But my lack of gregariousness wasn’t the only reason my coworkers gave me a wide berth. Though they didn’t say anything to me, a rumor had gotten out in my first week; they all knew who I was, what I had escaped. And they all knew what I did in the evenings, the side project that consumed all of my off-hours. My obsession, really.
They probably all thought it wasn’t healthy.
But I’ve always believed that murder is the healthiest obsession of all.
—
“Don’t tell me,” my sister, Esther, said on the phone. “You’re hibernating again.”
“I’m fine,” I said. It was after work, and I was at my local grocery store, the Safeway in the plaza within walking distance to Singles Estates. I put cereal in my cart as I shoulder-pinned the phone to my ear. “I’m grabbing some groceries and going home.”
“I told you to come over for dinner. Will and I want to see you.”
“It’s raining.”
“This is Claire Lake. It’s always raining.”
I looked at a carton of almond milk, wondering what it tasted like. “I know you worry about me, but I’m fine. I just have work to do.”

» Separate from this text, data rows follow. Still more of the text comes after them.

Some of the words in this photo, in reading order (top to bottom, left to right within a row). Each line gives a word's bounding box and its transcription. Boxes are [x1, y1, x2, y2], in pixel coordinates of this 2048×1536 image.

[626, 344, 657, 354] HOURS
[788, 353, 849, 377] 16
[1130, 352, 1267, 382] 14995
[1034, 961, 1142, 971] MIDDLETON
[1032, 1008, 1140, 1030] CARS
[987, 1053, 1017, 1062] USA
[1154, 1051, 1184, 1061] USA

“You already have a job. The website isn’t paid work.”
“It pays enough.”
My big sister sighed, and the sound gave me a twinge of sadness. I really did want to see her, along with her husband, Will, a lawyer who I liked quite a lot. Esther was one of the only people who really mattered to me, and even though she gave me grief, I knew she tried hard to understand me. She’d had her own guilt and trauma over what had happened to me. She had her own reasons to be paranoid—to hibernate, as she put it. The difference was, Esther didn’t hibernate. She had a husband and a house and a good job, a career.
“Just tell me you’re trying,” Esther said. “Trying to get out, trying to do something, trying to meet new people.”

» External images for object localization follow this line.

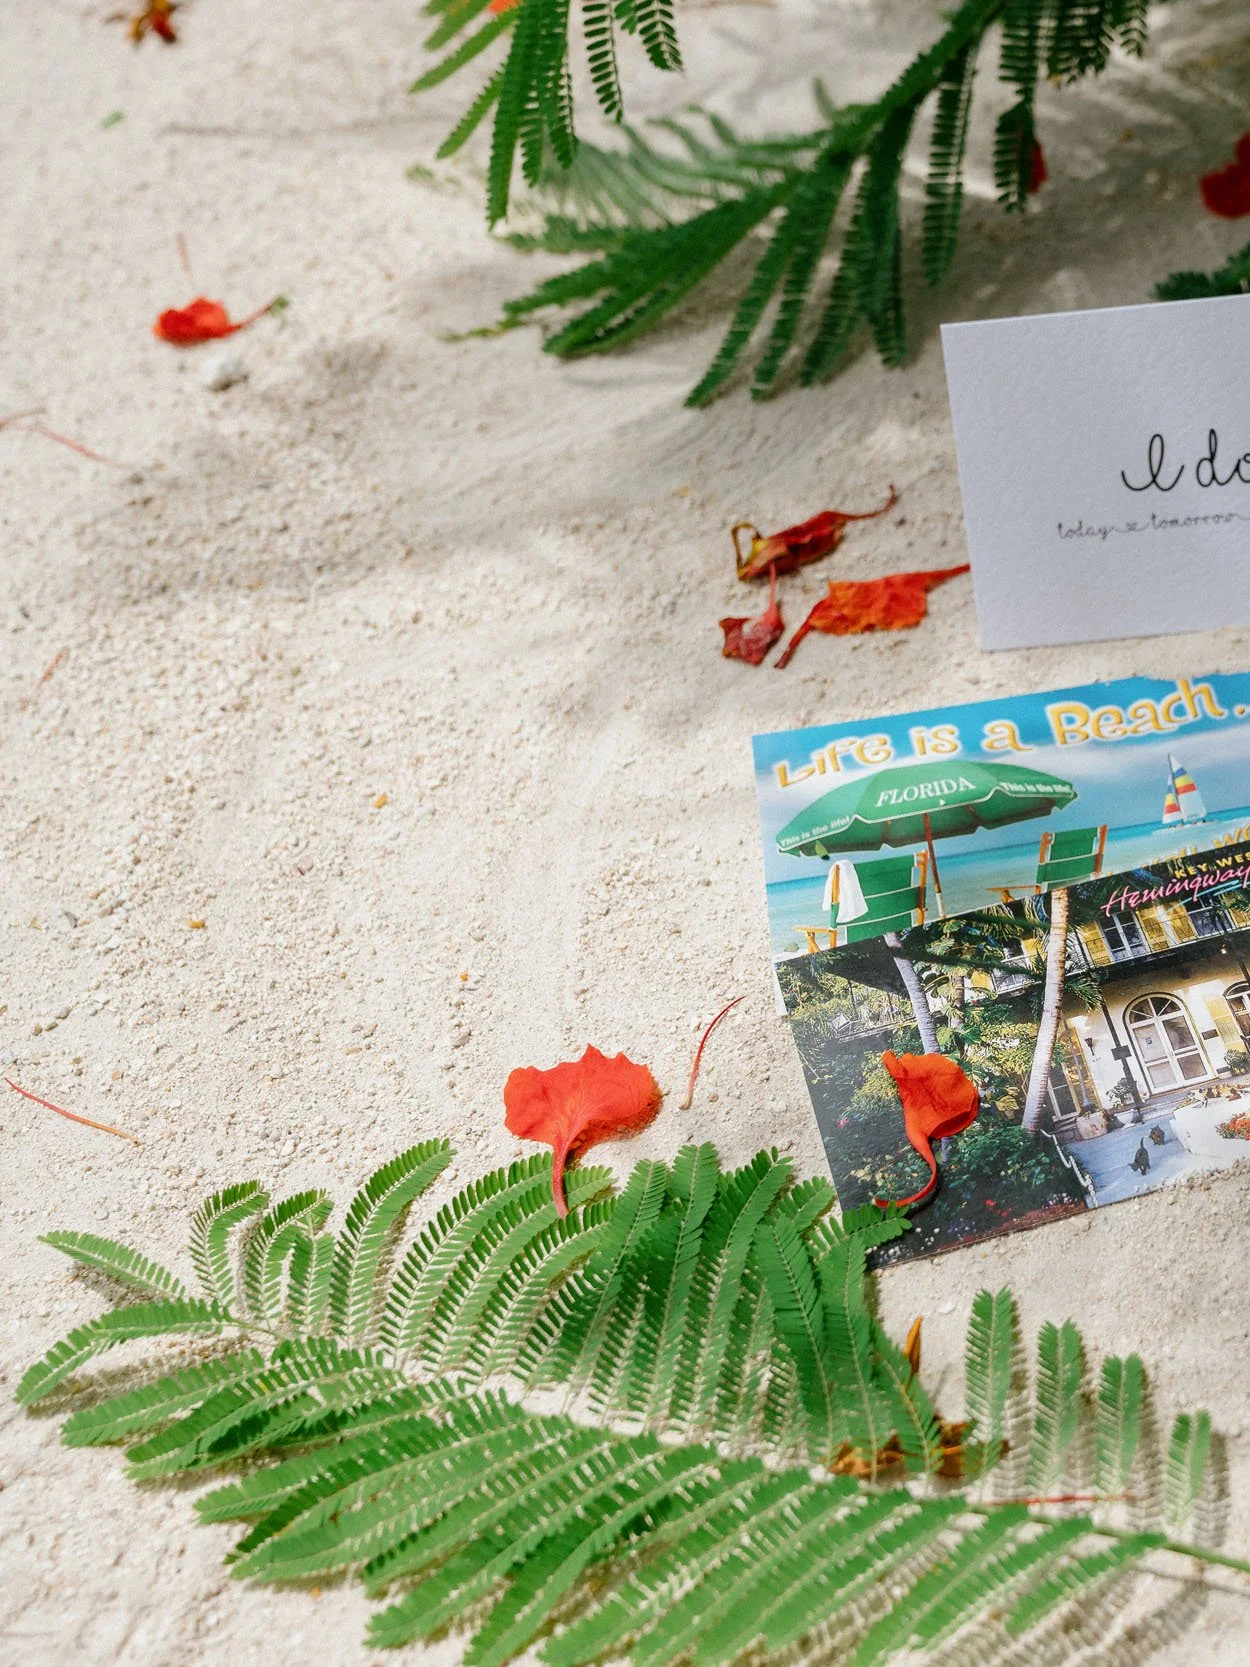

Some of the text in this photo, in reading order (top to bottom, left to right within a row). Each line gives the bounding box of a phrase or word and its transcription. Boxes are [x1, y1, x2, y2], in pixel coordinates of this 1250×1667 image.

[1121, 433, 1185, 492] I
[1057, 519, 1113, 541] today
[1150, 512, 1240, 531] tomorrow
[775, 734, 893, 788] Life
[913, 725, 960, 756] is
[982, 721, 1034, 752] a
[875, 776, 976, 808] FLORIDA
[1174, 862, 1209, 879] KEY

“Sure,” I said. “Today I met a man who has a hernia and a woman who would only say she has a ‘uterus problem.’ ” I put the almond milk down. “I’m not sure what a ‘uterus problem’ is, and I don’t think I’m curious.”
“If you wanted to know, you could look in her file and find out.”

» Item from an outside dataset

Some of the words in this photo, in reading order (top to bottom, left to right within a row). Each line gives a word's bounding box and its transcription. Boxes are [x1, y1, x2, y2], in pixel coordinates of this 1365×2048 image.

“I never look in patients’ files,” I told her. “You know that. I answer phones and deal with appointment times, not diagnoses. Looking in a patient file could get me fired.”
“You make no sense, Shea. You won’t look at patients’ medical files, but you’ll talk about murders and dead bodies on the internet.”
I paused, unpinning my phone from my shoulder. “Okay, that’s actually a good point. I get that. But does it mean that in order to be consistent, I should be more nosy or less?”
“It means you live too much inside your own head, overthinking everything,” Esther said. “It means you need to meet people who aren’t patients, real people who aren’t murder victims on a page. Make friends. Find a man to date.”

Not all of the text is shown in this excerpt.